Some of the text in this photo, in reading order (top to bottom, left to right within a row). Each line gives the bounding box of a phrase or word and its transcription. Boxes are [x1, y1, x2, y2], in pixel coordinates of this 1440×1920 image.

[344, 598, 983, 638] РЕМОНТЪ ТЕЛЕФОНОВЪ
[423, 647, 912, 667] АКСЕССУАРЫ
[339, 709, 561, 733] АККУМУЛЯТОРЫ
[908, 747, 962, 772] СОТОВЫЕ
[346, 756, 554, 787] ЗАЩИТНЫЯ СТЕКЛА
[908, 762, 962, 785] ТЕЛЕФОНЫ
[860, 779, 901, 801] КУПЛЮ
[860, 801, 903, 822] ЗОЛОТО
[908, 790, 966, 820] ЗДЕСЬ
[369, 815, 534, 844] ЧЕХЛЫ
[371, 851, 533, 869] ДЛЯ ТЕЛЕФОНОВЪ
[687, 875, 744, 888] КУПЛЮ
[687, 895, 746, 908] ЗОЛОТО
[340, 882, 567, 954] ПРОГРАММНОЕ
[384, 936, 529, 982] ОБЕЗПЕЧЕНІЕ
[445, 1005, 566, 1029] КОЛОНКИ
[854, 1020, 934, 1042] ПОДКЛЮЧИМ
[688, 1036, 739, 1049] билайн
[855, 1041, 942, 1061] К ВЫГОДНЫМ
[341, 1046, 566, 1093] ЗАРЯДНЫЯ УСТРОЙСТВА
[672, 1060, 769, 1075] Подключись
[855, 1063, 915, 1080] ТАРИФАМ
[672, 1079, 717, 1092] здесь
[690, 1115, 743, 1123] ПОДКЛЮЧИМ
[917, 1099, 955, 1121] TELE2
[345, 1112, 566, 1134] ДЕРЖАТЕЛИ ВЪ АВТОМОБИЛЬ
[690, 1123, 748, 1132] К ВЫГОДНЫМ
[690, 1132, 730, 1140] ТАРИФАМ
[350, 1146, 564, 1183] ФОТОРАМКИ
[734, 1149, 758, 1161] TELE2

→ **What you need to do**
In full and verbatim, repeat the records given above.

→ **Response for this exercise**
Some of the text in this photo, in reading order (top to bottom, left to right within a row). Each line gives the bounding box of a phrase or word and its transcription. Boxes are [x1, y1, x2, y2], in pixel coordinates of this 1440×1920 image.

[344, 598, 983, 638] РЕМОНТЪ ТЕЛЕФОНОВЪ
[423, 647, 912, 667] АКСЕССУАРЫ
[339, 709, 561, 733] АККУМУЛЯТОРЫ
[908, 747, 962, 772] СОТОВЫЕ
[346, 756, 554, 787] ЗАЩИТНЫЯ СТЕКЛА
[908, 762, 962, 785] ТЕЛЕФОНЫ
[860, 779, 901, 801] КУПЛЮ
[860, 801, 903, 822] ЗОЛОТО
[908, 790, 966, 820] ЗДЕСЬ
[369, 815, 534, 844] ЧЕХЛЫ
[371, 851, 533, 869] ДЛЯ ТЕЛЕФОНОВЪ
[687, 875, 744, 888] КУПЛЮ
[687, 895, 746, 908] ЗОЛОТО
[340, 882, 567, 954] ПРОГРАММНОЕ
[384, 936, 529, 982] ОБЕЗПЕЧЕНІЕ
[445, 1005, 566, 1029] КОЛОНКИ
[854, 1020, 934, 1042] ПОДКЛЮЧИМ
[688, 1036, 739, 1049] билайн
[855, 1041, 942, 1061] К ВЫГОДНЫМ
[341, 1046, 566, 1093] ЗАРЯДНЫЯ УСТРОЙСТВА
[672, 1060, 769, 1075] Подключись
[855, 1063, 915, 1080] ТАРИФАМ
[672, 1079, 717, 1092] здесь
[690, 1115, 743, 1123] ПОДКЛЮЧИМ
[917, 1099, 955, 1121] TELE2
[345, 1112, 566, 1134] ДЕРЖАТЕЛИ ВЪ АВТОМОБИЛЬ
[690, 1123, 748, 1132] К ВЫГОДНЫМ
[690, 1132, 730, 1140] ТАРИФАМ
[350, 1146, 564, 1183] ФОТОРАМКИ
[734, 1149, 758, 1161] TELE2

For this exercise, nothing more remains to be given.